Action item: Give the listing again in full and exactly, apart from its pictures.
[The data Boundary: Start]
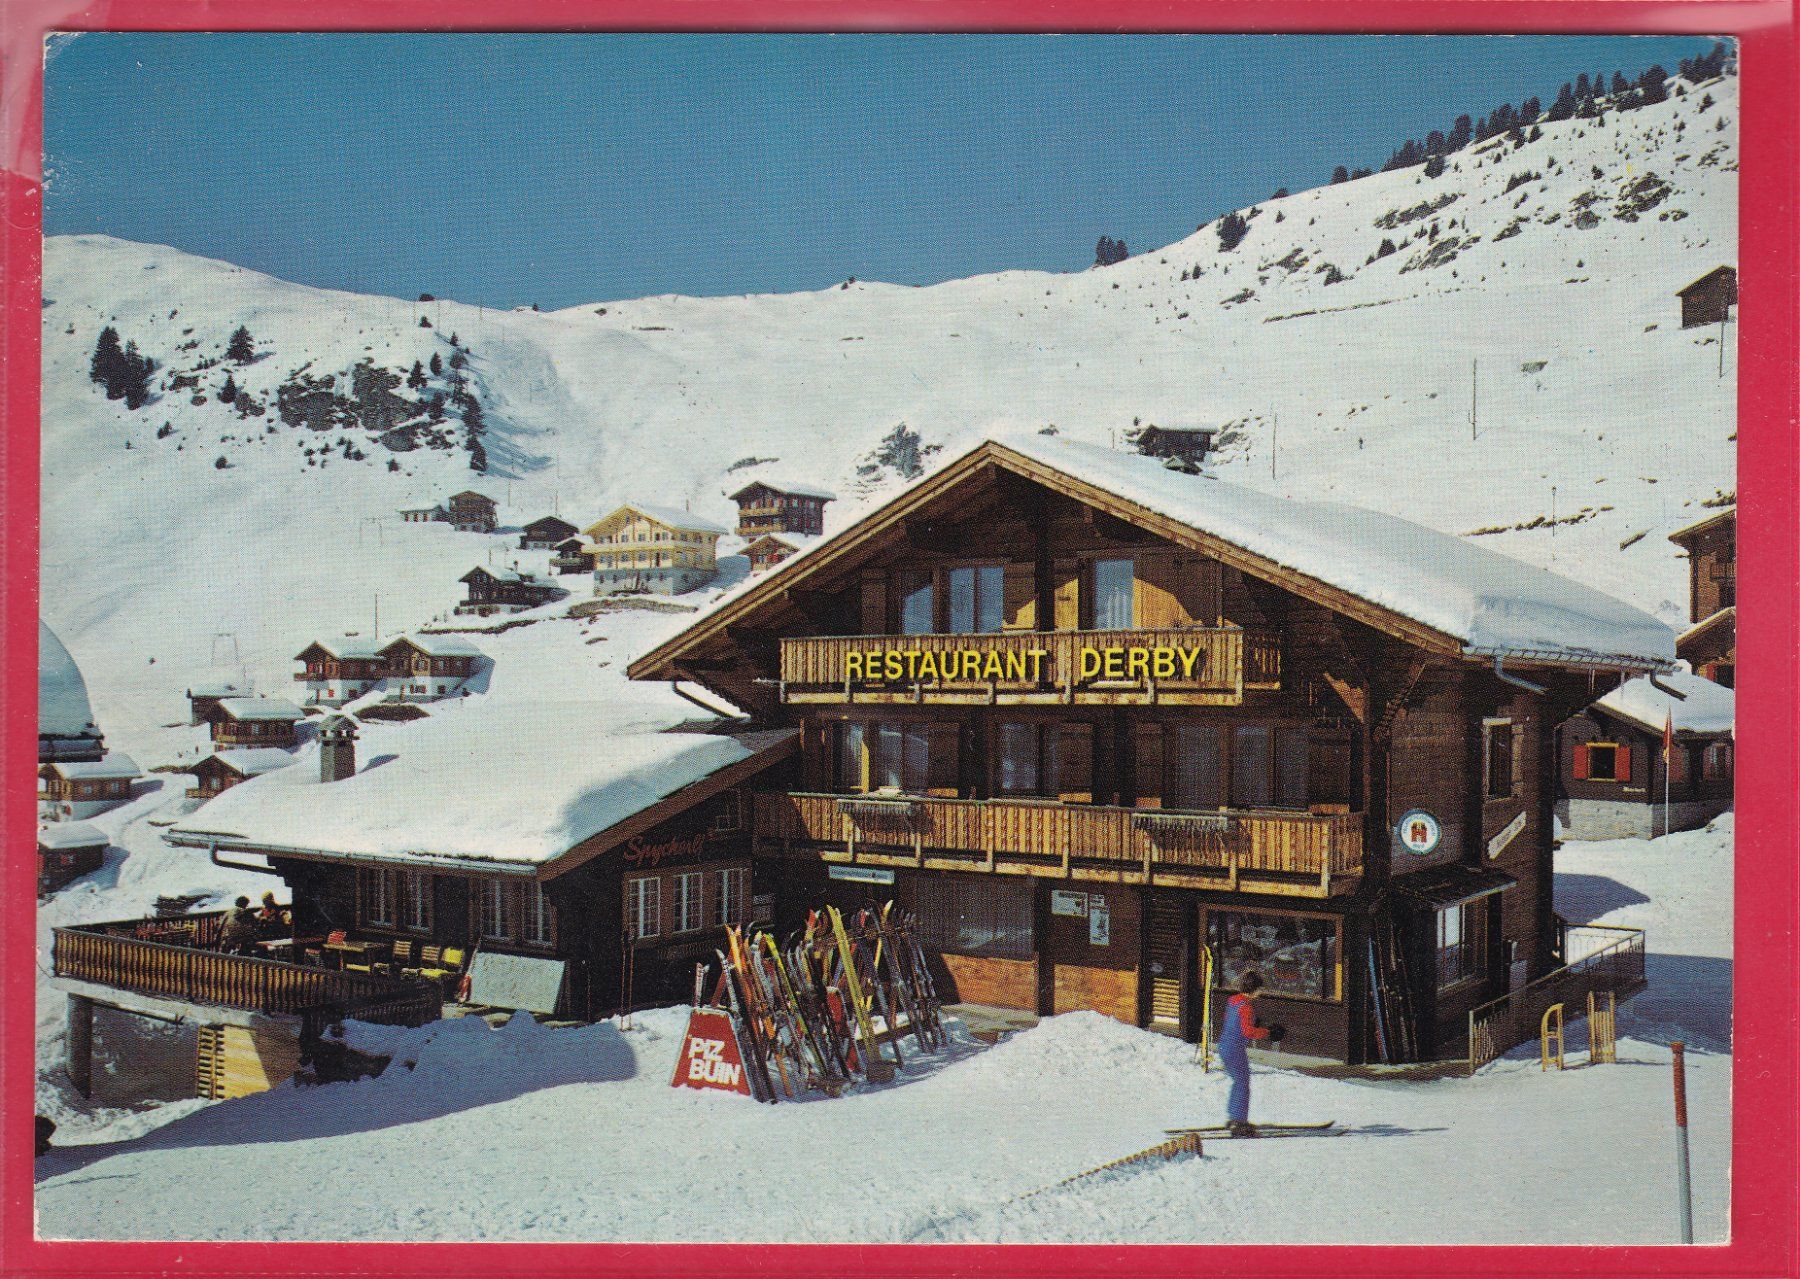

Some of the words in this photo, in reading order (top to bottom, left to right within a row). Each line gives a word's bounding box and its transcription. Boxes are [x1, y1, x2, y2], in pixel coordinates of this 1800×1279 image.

[845, 649, 1047, 680] RESTAURANT
[1079, 647, 1203, 679] DERBY
[688, 1037, 725, 1061] PIZ
[688, 1058, 741, 1086] BUIN
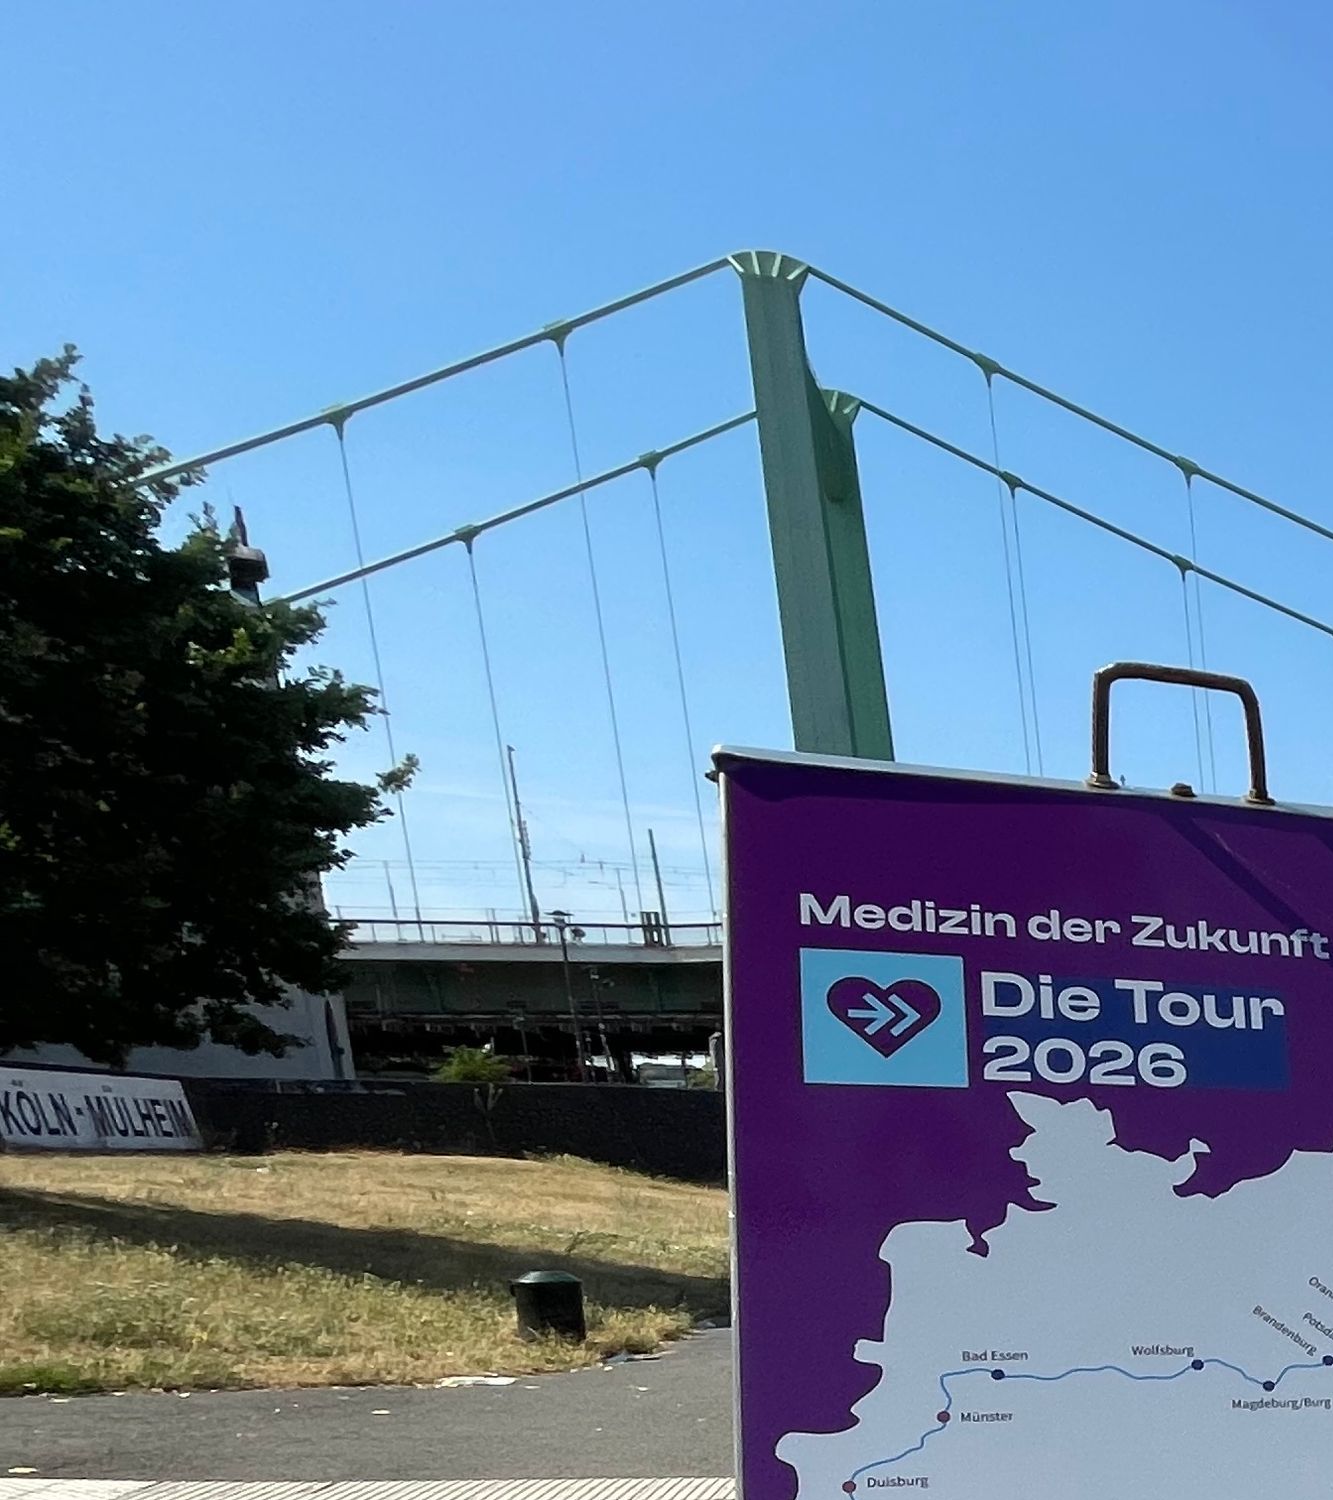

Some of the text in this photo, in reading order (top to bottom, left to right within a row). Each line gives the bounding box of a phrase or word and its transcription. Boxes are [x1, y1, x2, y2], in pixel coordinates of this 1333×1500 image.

[799, 892, 1332, 961] Medizin der Zukunft
[981, 971, 1288, 1031] Die Tour
[981, 1035, 1189, 1086] 2026
[1252, 1305, 1318, 1357] Brandenburg
[961, 1350, 1029, 1362] Bad Essen
[1130, 1344, 1195, 1358] Wolfsburg
[1231, 1395, 1332, 1412] Magdeburg/Burg
[960, 1410, 1014, 1424] Münster
[866, 1475, 929, 1490] Duisburg
[The data Boundary: End]
Result of this exercise:
Some of the words in this photo, in reading order (top to bottom, left to right within a row). Each line gives a word's bounding box and its transcription. Boxes are [x1, y1, x2, y2], in pixel coordinates of this 1800×1279 image.

[845, 649, 1047, 680] RESTAURANT
[1079, 647, 1203, 679] DERBY
[688, 1037, 725, 1061] PIZ
[688, 1058, 741, 1086] BUIN

Some of the text in this photo, in reading order (top to bottom, left to right within a row). Each line gives the bounding box of a phrase or word and its transcription. Boxes are [x1, y1, x2, y2], in pixel coordinates of this 1333×1500 image.

[799, 892, 1332, 961] Medizin der Zukunft
[981, 971, 1288, 1031] Die Tour
[981, 1035, 1189, 1086] 2026
[1252, 1305, 1318, 1357] Brandenburg
[961, 1350, 1029, 1362] Bad Essen
[1130, 1344, 1195, 1358] Wolfsburg
[1231, 1395, 1332, 1412] Magdeburg/Burg
[960, 1410, 1014, 1424] Münster
[866, 1475, 929, 1490] Duisburg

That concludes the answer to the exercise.